Da poco tempo ho salutato la mia nonna, la rosa che in parte mi ha cresciuta.
E per la prima volta nella mia vita ho affrontato la morte da adulta accanto a dei bambini e mi è stato chiaro il senso del modo di dire “i bambini aiutano ad andare avanti, sono la vita che prosegue”. Anche se non si è trattato di un saluto improvviso, ma preparato da una malattia che da anni le aveva lasciato il corpo e rubato la testa togliendola a noi giorno dopo giorno, ogni distacco ti porta a fermarti, per poi andare avanti.
La vita e la morte si intrecciano continuamente, lo leggiamo nei libri, nella natura, in storie di vita che ogni giorno scorrono più o meno accanto a noi. E ritmi di nascita e morte si avvicinano, anche nelle ore di attesa che precedono “l’attimo in cui”, colme di un dolore indescrivibile, talvolta sordo, dal punto di vista fisico nel parto e dal punto di vista del cuore nella morte. Nella mia famiglia in particolar modo questo duemilasedici ha accolto Ginevra solo qualche mese fa e nel grande intreccio del cerchio della vita, viene spontaneo pensare che l’una abbia preso il posto dell’altra.
Le settimane prima, i giorni precedenti “il giorno” sono stati il tempo della cura in cerchio. Insieme alle donne della famiglia, ognuna con il proprio tempo e il proprio sentire, ci siamo alternate attorno ad un letto che ha raccolto storie del nostro femminile, e che ha portato alla luce racconti di figli antichi mai nati, di cui alcune di noi sapevano, altre no. Ci siamo abbracciate, salutate, consolate. Abbiamo riso pensando a quando bambine la nonna ci diceva “Non dite le parolacce che perdete metà della vostra femminilità”… e abbiamo pianto pensando a quando tutto questo “stare in cerchio” non ci sarebbe stato più.
Si sono intrecciati lacrime e sorrisi, ascolti e parole.
E finché ascoltavamo gli ultimi respiri della nonna, la piccolina di famiglia respirava tra una poppata e l’altra, come in un intreccio di respiri. Donne grandi accarezzavano con una mano un corpo che pian piano si spegneva e con l’altra teste curiose, che di giorno in giorno crescono, in un intreccio di mani.
E c’è stato il tempo del lutto a casa, con i bambini.
I miei bambini stavano giocando quando sono rientrata e ho comunicato loro che la nonna era morta.
Giulio “Come?”. Momento di domande ampie… interpretabili in vario modo.
“Non respira più Giulio” rispondo.
“Neanche con la mascherina?” chiede Zeno.

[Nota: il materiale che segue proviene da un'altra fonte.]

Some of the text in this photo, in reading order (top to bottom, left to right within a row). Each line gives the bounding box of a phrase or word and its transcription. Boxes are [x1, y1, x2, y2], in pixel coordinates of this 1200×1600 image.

“No Zeno, neppure con la mascherina”.
“Ah”. Attimo di silenzio “Posso continuare a fare il puzzle?”.
Certo Zeno…
Intreccia l’infinito con i contorni finiti di un puzzle di Spiderman.

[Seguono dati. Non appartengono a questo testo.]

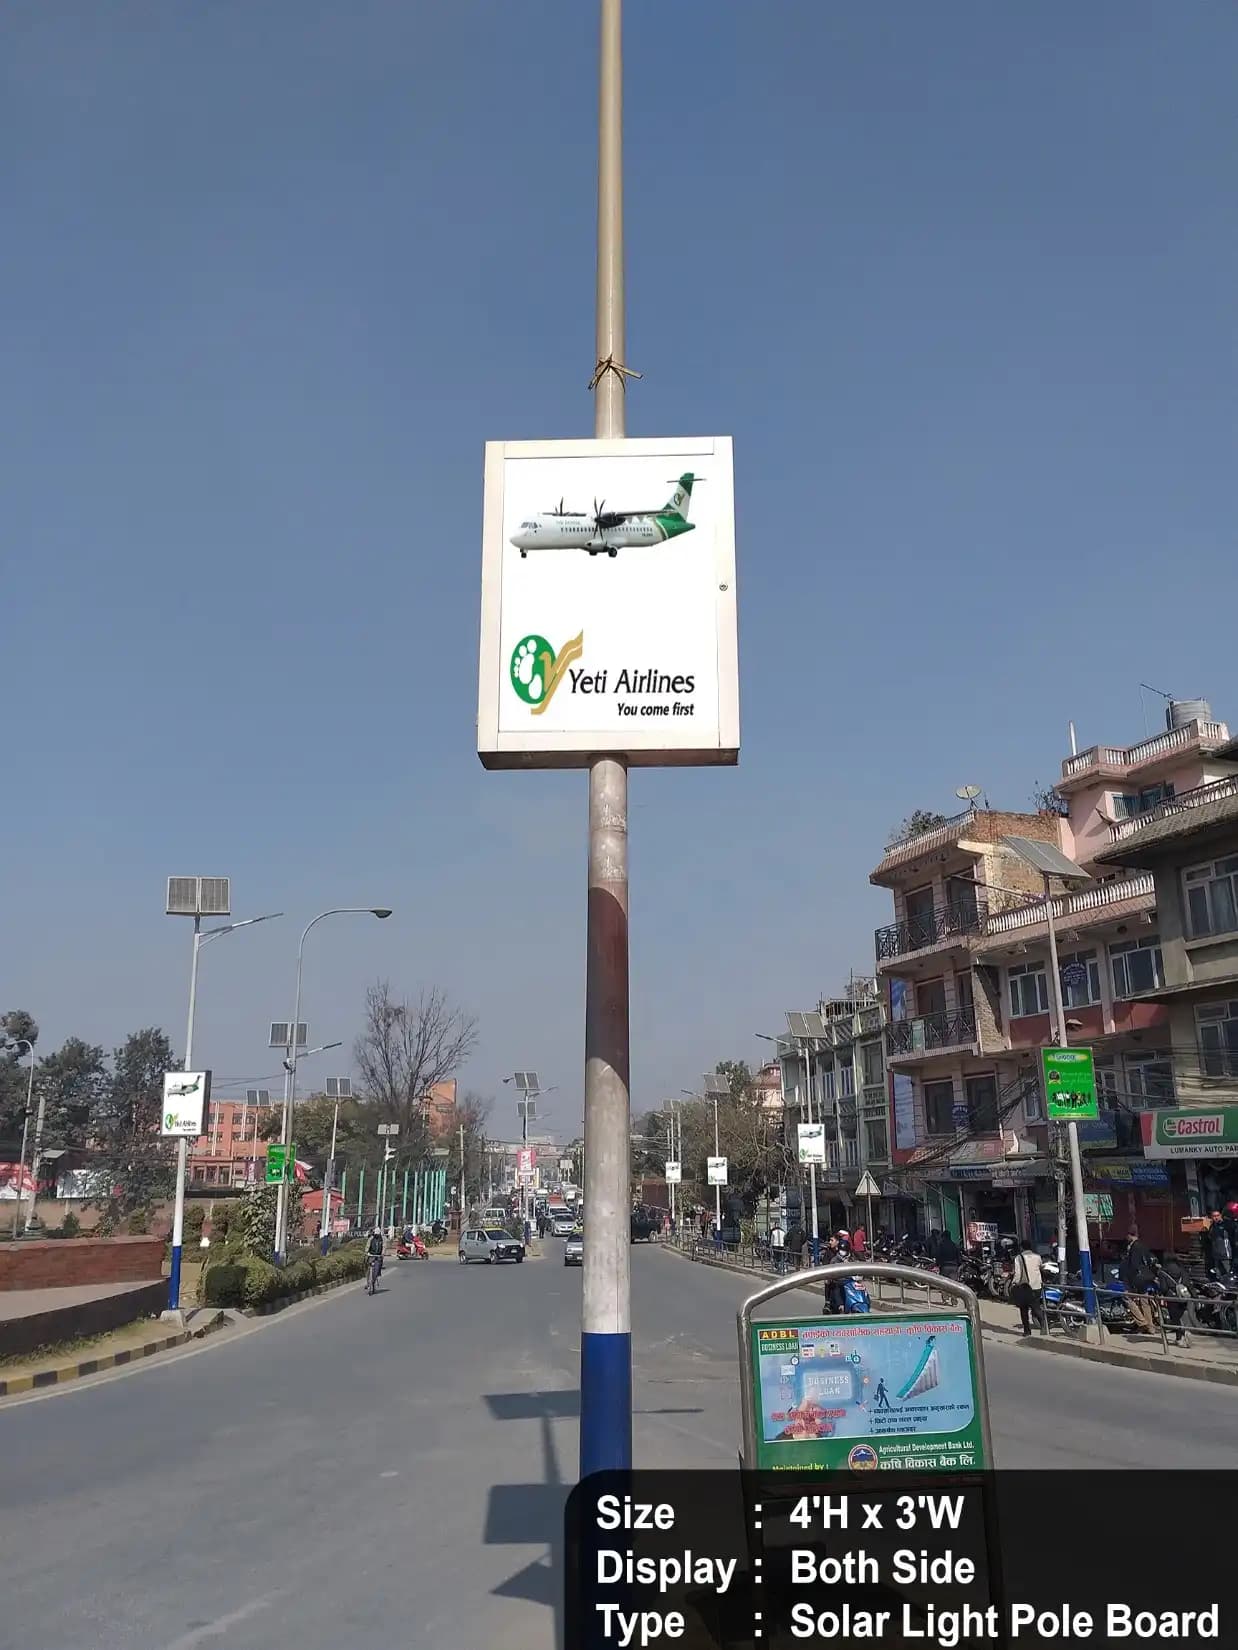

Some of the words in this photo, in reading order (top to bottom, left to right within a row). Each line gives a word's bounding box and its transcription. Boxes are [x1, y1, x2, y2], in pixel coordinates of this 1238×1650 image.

[568, 668, 608, 694] Yeti
[613, 668, 695, 694] Airlines
[617, 702, 638, 716] You
[640, 705, 670, 716] come
[672, 701, 695, 716] first
[1178, 1117, 1220, 1135] Castrol
[1204, 1145, 1223, 1153] AUTO
[761, 1342, 785, 1352] BUSINESS
[785, 1341, 799, 1351] LOAN
[807, 1375, 849, 1386] BUSINESS
[878, 1443, 911, 1455] Agricultural
[912, 1441, 948, 1454] Development
[948, 1441, 963, 1451] Bank
[963, 1440, 975, 1450] Ltd.

Sofia invece vuole i dettagli, più dettagli possibili.
Come è successo? Chi c’era? E adesso cosa succede. E dove andrà, oltre a restare nel nostro cuore? Ma si incontra con suo marito, tuo nonno, mamma? Ma il funerale, come sarà? Chi si siederà davanti?”.
Spiego, al meglio che posso, intrecciando il cielo e la terra, l’anima e il corpo, sorrisi e occhi lucidi.
Al pomeriggio la andiamo a vedere.
“Ma è bellissima! Io non l’ho mai vista così bella mamma!”. Sofia esordisce così.
Lo so tesoro, i suoi lineamenti non erano più gli stessi e tu l’hai conosciuta già malata.
Poi oggi, e per sempre, ha il suo vestito più bello.
Diciamo una preghiera.
Ci raggiungono i nonni e lo zio, rientrato da Londra. Appena entrano Giulio li apostrofa con “Di’ Ave Maria”.
Poco dopo arriva una zia. Giulio le salta in braccio e invita anche lei “Zia, di’ Ave Maria”… Sorridiamo.
Nei giorni successivi gira per casa e ogni tanto intona l’Ave Maria, come un mantra… rielabora il lutto a modo suo, variando a volte le vocali come cantasse “stendipanni”… intreccio di sacro e profano.
Nei giorni del mio saluto, sono nati bambini e bambine, vicini a me, nel cerchio di Gaia. Ci sono stati momenti pieni di parole e comunicazioni, e altri di silenzio assoluto. Abbiamo ascoltato e accolto, e altrettanto lasciato andare. Ho guardato e chiuso gli occhi.
La vita e la morte si intrecciano, sempre.